From $(2)$ we can observe that denominator $(1)$ can be divided by $x^4$ to get an expression with a finite limit. And this expression is $$2\cdot\frac{\sin x-x} {x^3}\cdot\left (\frac{\sin x}{x} +1\right) +\frac{2x-\arctan 2x}{x^3}\tag{3}$$ The first term above tends to $2\cdot (-1/6)\cdot 2=-2/3$. For the second term let's put $2x=\tan t$ to get the expression $$\frac{\tan t-t} {t^3}\cdot\frac{t^3}{\tan^3 t}\cdot 8$$ The first factor is handled by l'Hospital's Rule and the limit of the above expression is $(1/3)\cdot 1\cdot 8=8/3$. It now follows that the expression $(3)$ tends to $2=B\, \text{(say)} $.

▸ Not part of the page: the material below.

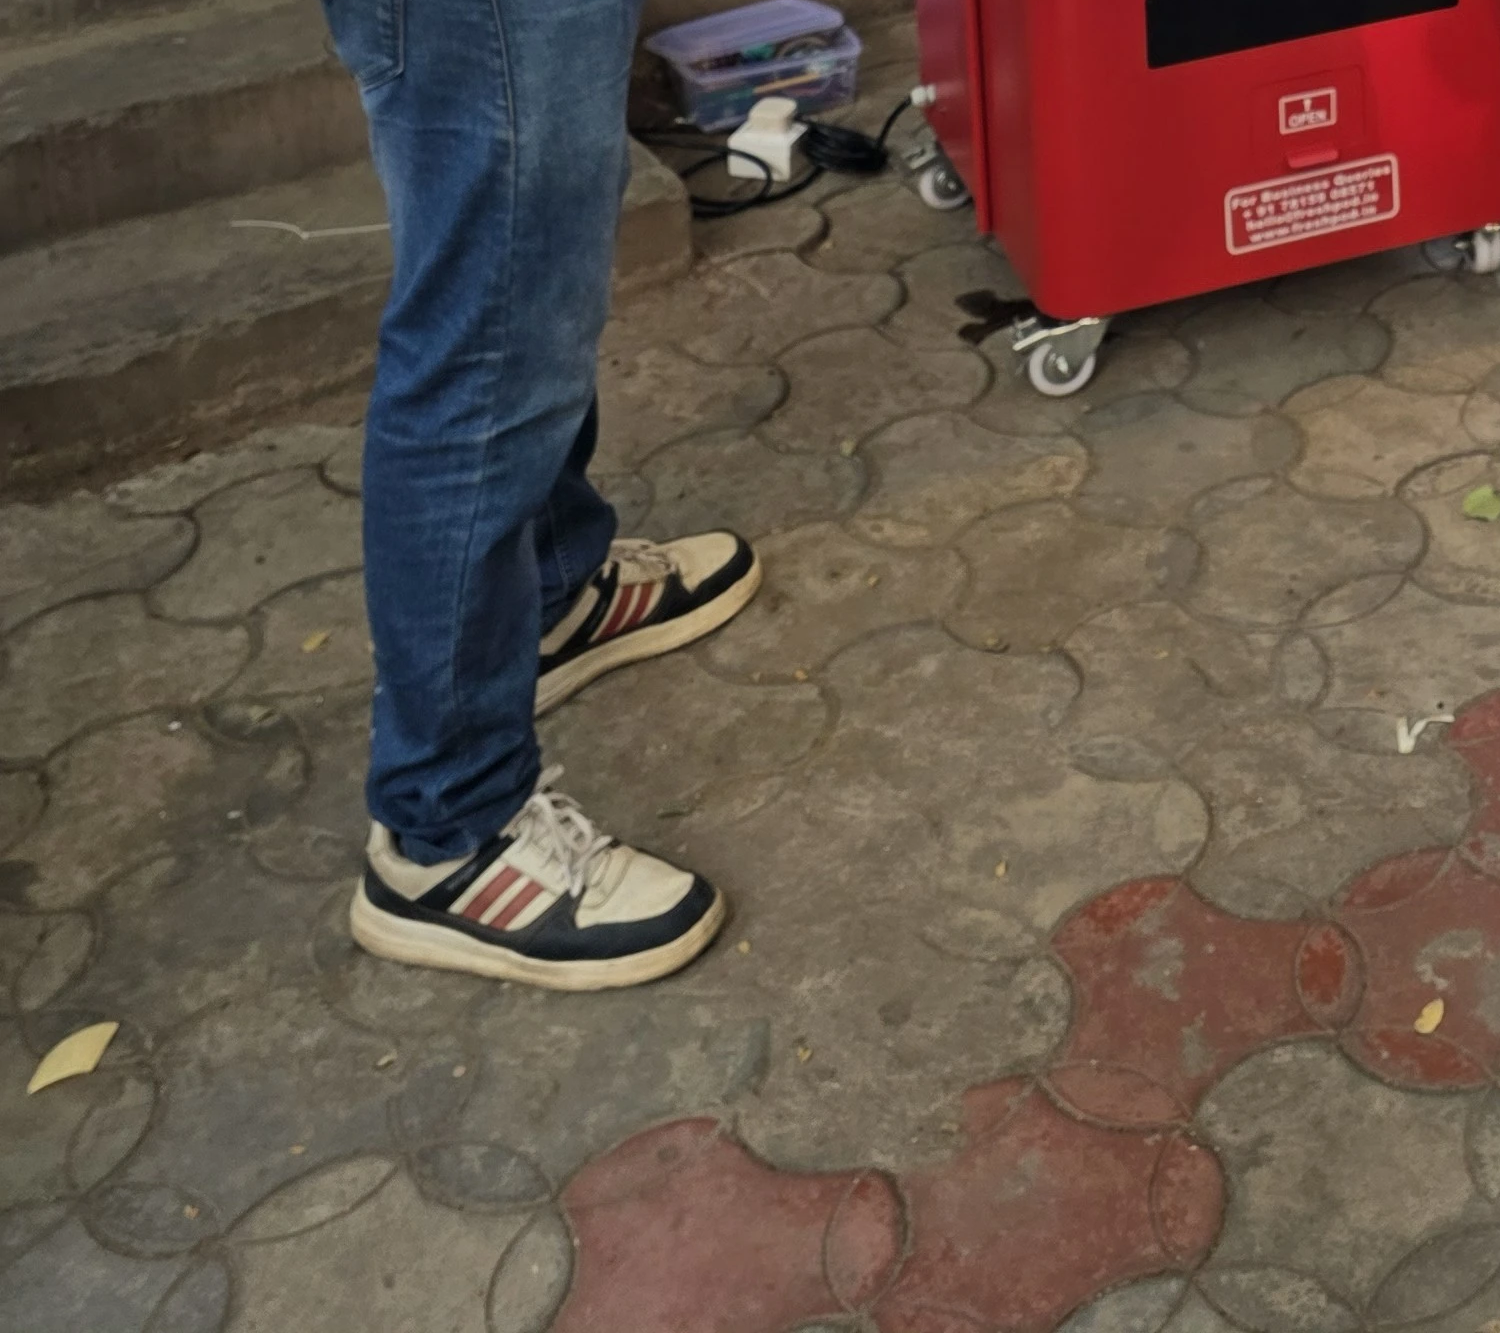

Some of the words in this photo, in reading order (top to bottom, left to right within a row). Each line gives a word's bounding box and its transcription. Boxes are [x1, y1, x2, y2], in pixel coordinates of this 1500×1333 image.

[1288, 110, 1327, 127] OPEN
[1260, 180, 1330, 203] Business
[1333, 165, 1391, 186] Queries

Next we find the limit $A$ of the expression obtained by dividing numerator by $x^4$ namely $$\frac{1-e^{x^2/2}\cos x} {x^4}\tag{4}$$ To deal with this expression we make use of two well known limits $$\lim_{t\to 0}\frac{e^t-1}{t}=1,\lim_{x\to 0}\frac{1-\cos x} {x^2}=\frac{1}{2}\tag{5}$$ Replacing $t$ with $x^2/2$ in the first limit above we get $$\lim_{x\to 0}\frac{e^{x^2/2}-1}{x^2}=\frac{1}{2}$$ Multiplying this with second limit in $(5)$ we get $$\lim_{x\to 0}\frac {(e^{x^2/2}-1)(1-\cos x)} {x^4}=\frac{1}{4}$$ or $$\lim_{x\to 0}\frac {e^{x^2/2}-e^{x^2/2}\cos x-1+\cos x} {x^4}=\frac{1}{4}\tag{6}$$ We can now write $(4)$ as $$\frac{e^{x^2/2}-e^{x^2/2}\cos x-1+\cos x} {x^4}+\frac{2-\cos x-e^{x^2/2}}{x^4}$$ The first fraction tends to $1/4$ (via $(6)$) and to deal with second fraction we apply L'Hospital's Rule to get the expression $$\frac{\sin x-xe^{x^2/2}}{4x^3}$$ This can be further rewritten as $$\frac{1}{4}\cdot\left (\frac{\sin x - x} {x^3}-\frac{e^{x^2/2}-1}{x^2}\right)$$ and this tends to $$\frac{1}{4}\left(-\frac {1}{6}-\frac{1}{2}\right)=-\frac{1}{6}$$ It follows that limit $A$ of expression $(4)$ is $1/4-1/6=1/12$.

The desired limit of expression in question is thus $A/B=1/24$. In the overall procedure we should note that we have applied l'Hospital's Rule three times and each application is easy to handle with no complicated expressions being generated.

In general when applying l'Hospital's Rule it is better to first do a bit of algebraic manipulation. Also it should be noted that the cost of algebraic manipulation (including figuring them out) and l'Hospital's Rule exceeds the cost of Taylor series approach (for current problem) by a wide margin and hence it is preferable to opt for Taylor expansions here.